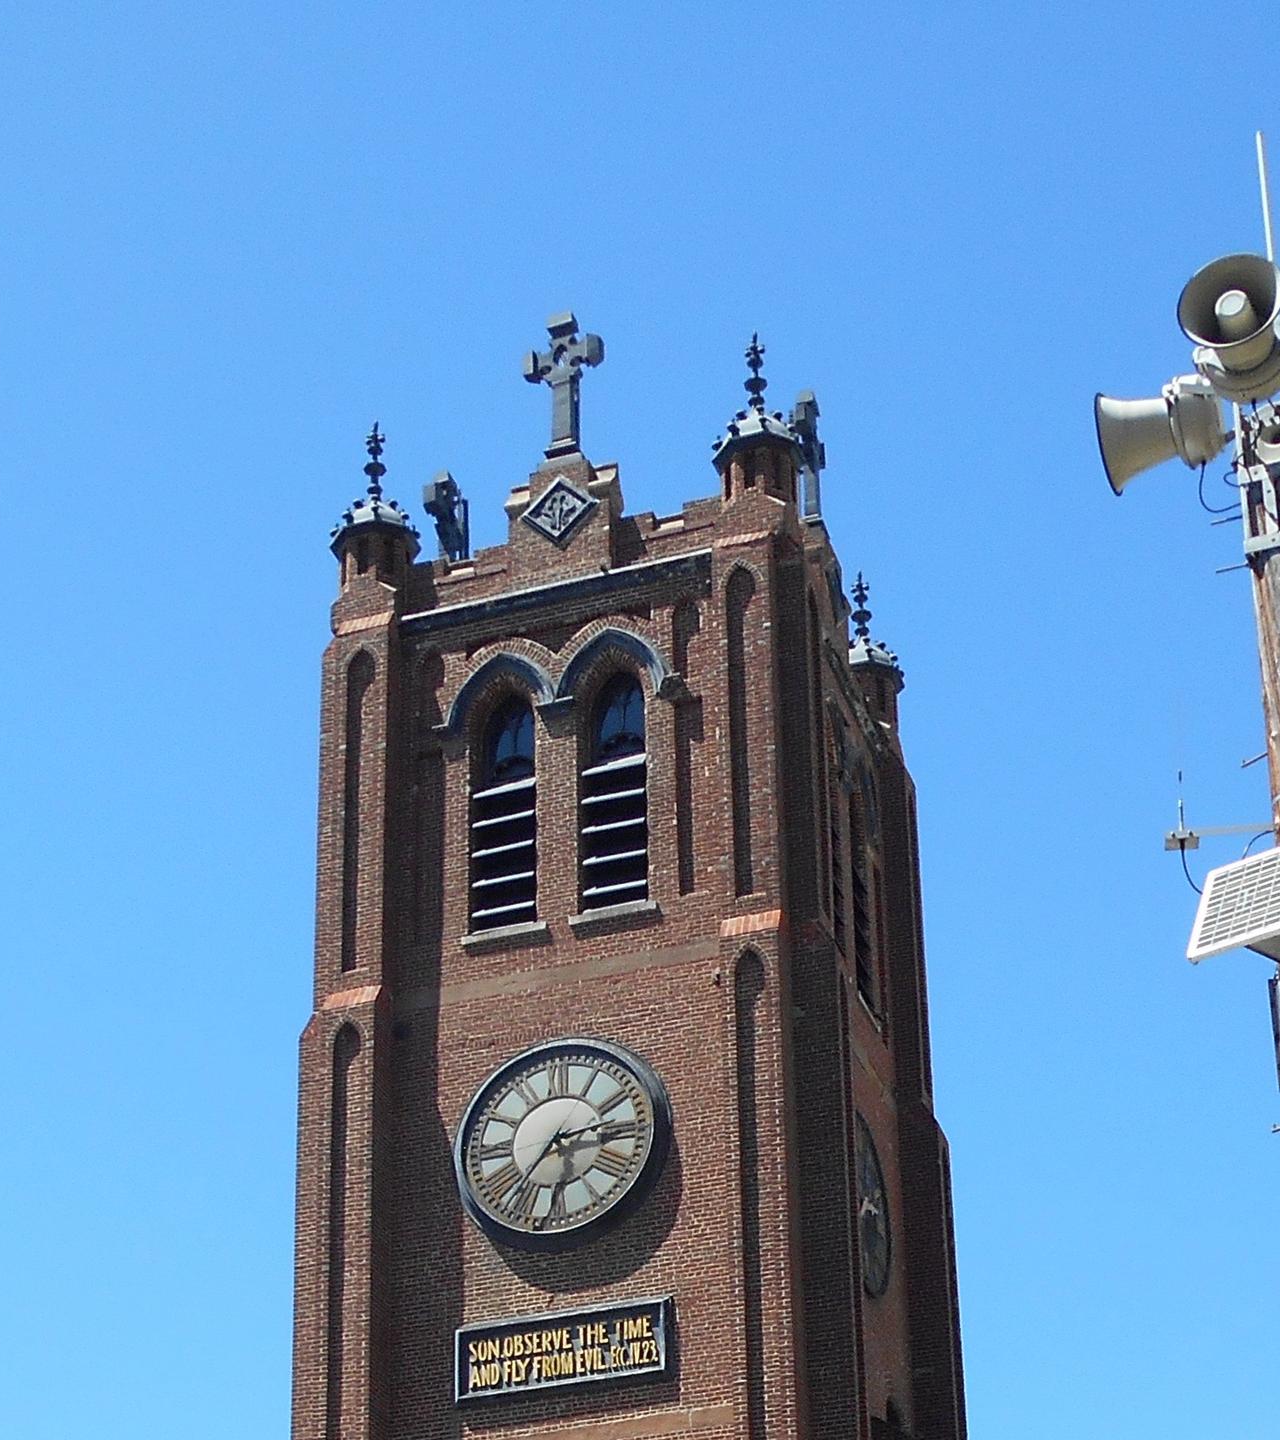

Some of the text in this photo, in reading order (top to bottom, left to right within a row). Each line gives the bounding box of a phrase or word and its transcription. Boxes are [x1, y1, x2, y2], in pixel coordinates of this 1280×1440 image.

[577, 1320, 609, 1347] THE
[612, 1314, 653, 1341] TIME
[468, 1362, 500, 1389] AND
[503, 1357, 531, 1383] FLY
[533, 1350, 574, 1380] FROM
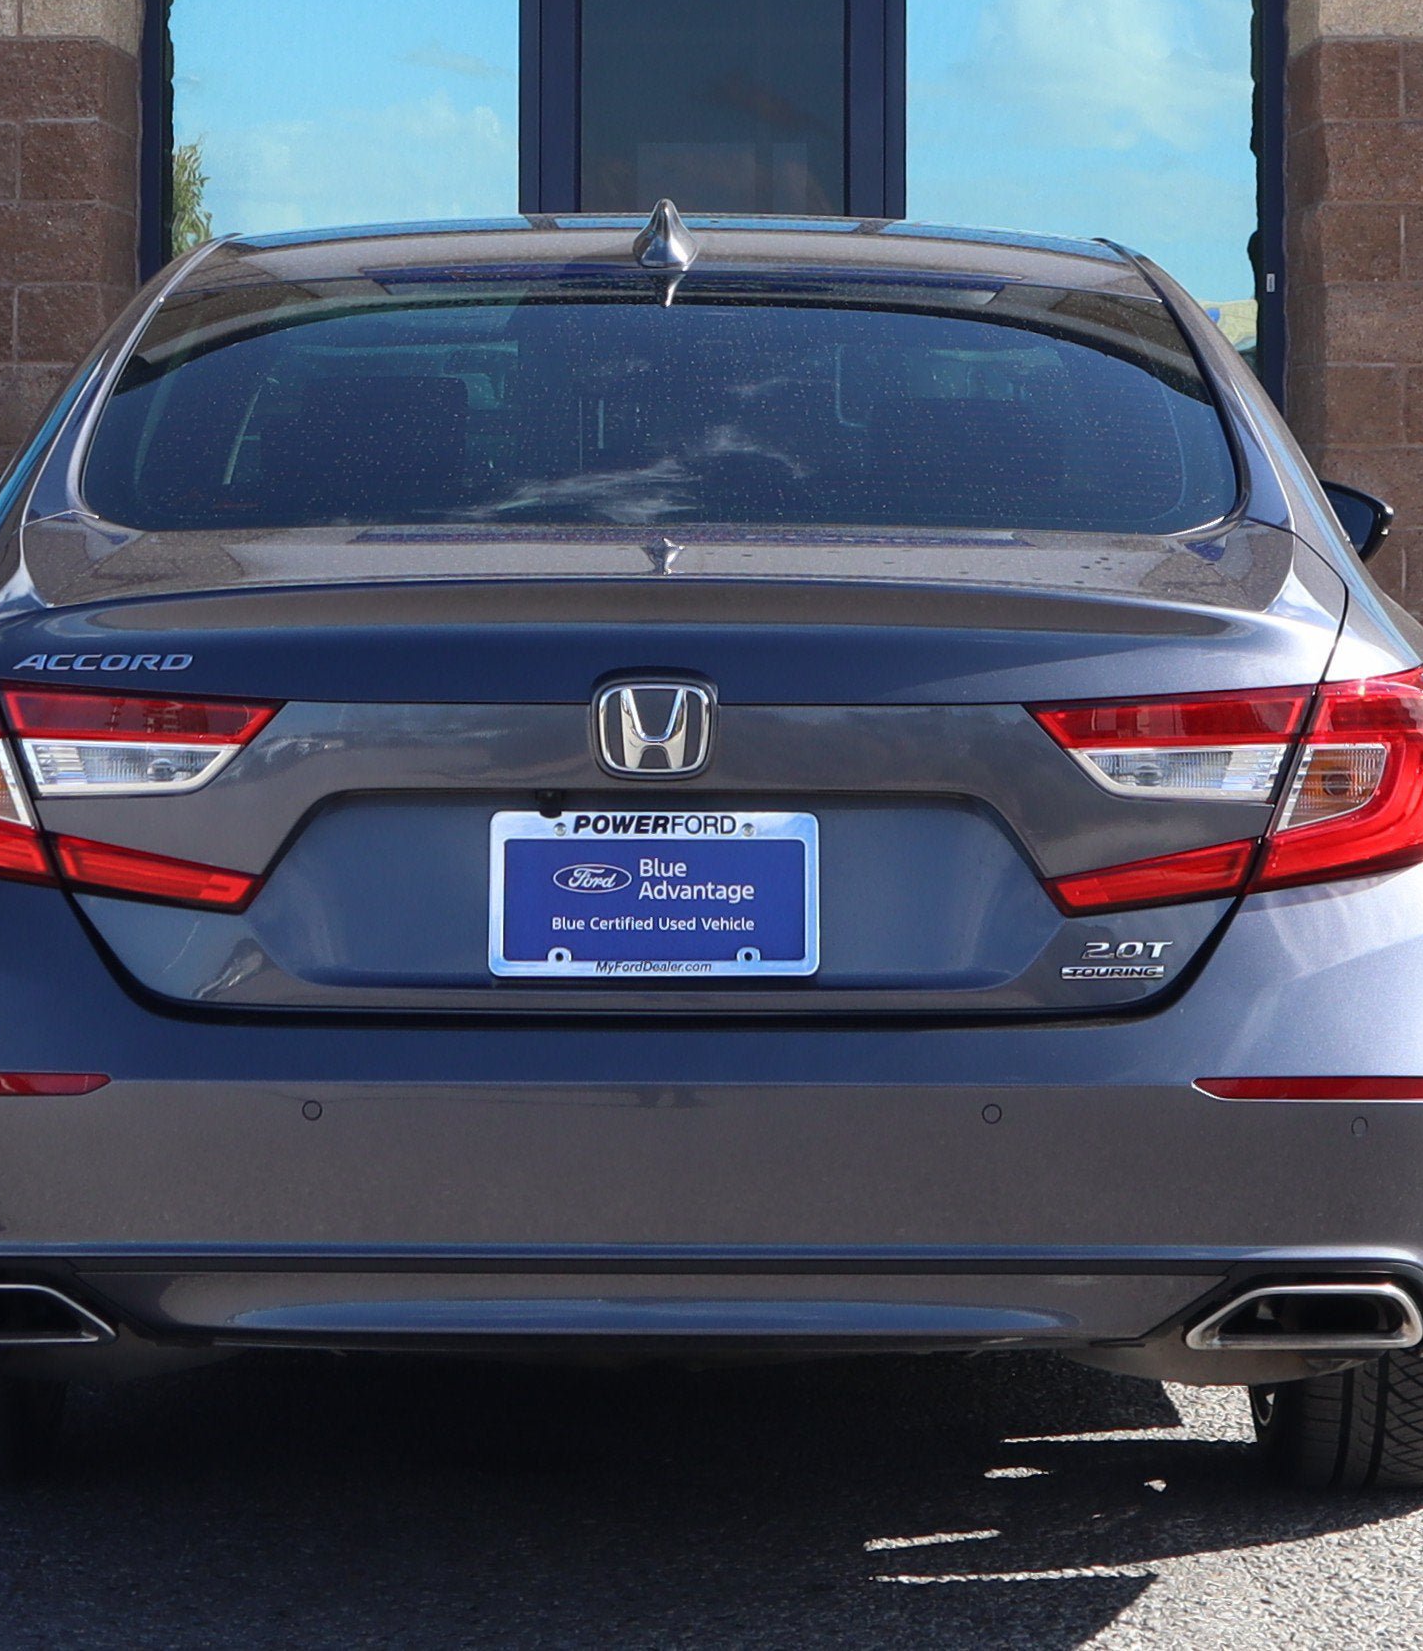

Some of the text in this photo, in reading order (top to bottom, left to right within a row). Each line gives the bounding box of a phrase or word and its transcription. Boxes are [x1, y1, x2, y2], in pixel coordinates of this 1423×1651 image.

--

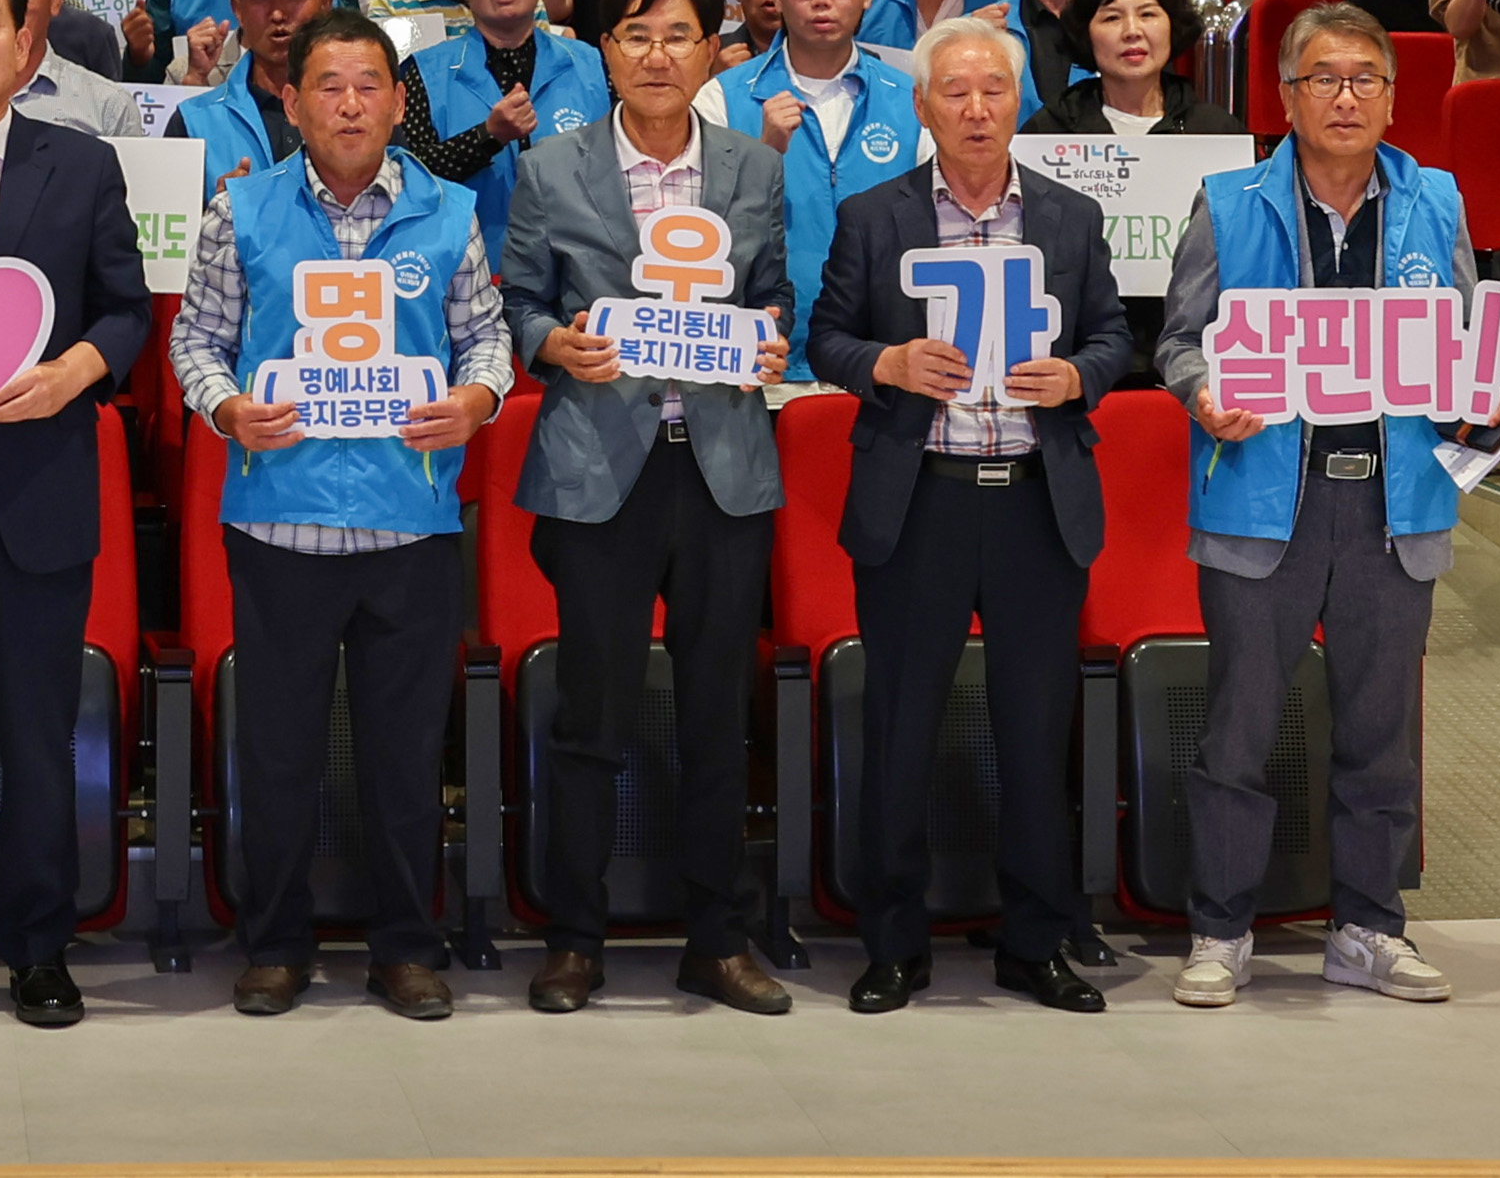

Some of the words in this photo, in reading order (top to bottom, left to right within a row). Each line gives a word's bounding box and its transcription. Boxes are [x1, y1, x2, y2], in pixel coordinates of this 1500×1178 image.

**Exercise details**
Excerpt from the records above: set down only the lines from the one that contains "this 1280×1440 image." through the one that contains "this 1423×1651 image.", inclusive, word for word. Pictures stay out.

**Solution below**
Some of the text in this photo, in reading order (top to bottom, left to right within a row). Each line gives the bounding box of a phrase or word and its transcription. Boxes are [x1, y1, x2, y2], in pixel coordinates of this 1280×1440 image.

[577, 1320, 609, 1347] THE
[612, 1314, 653, 1341] TIME
[468, 1362, 500, 1389] AND
[503, 1357, 531, 1383] FLY
[533, 1350, 574, 1380] FROM

Some of the text in this photo, in reading order (top to bottom, left to right within a row). Each line gives the bounding box of a phrase or word and its transcription. Boxes are [x1, y1, x2, y2], in pixel coordinates of this 1423×1651 image.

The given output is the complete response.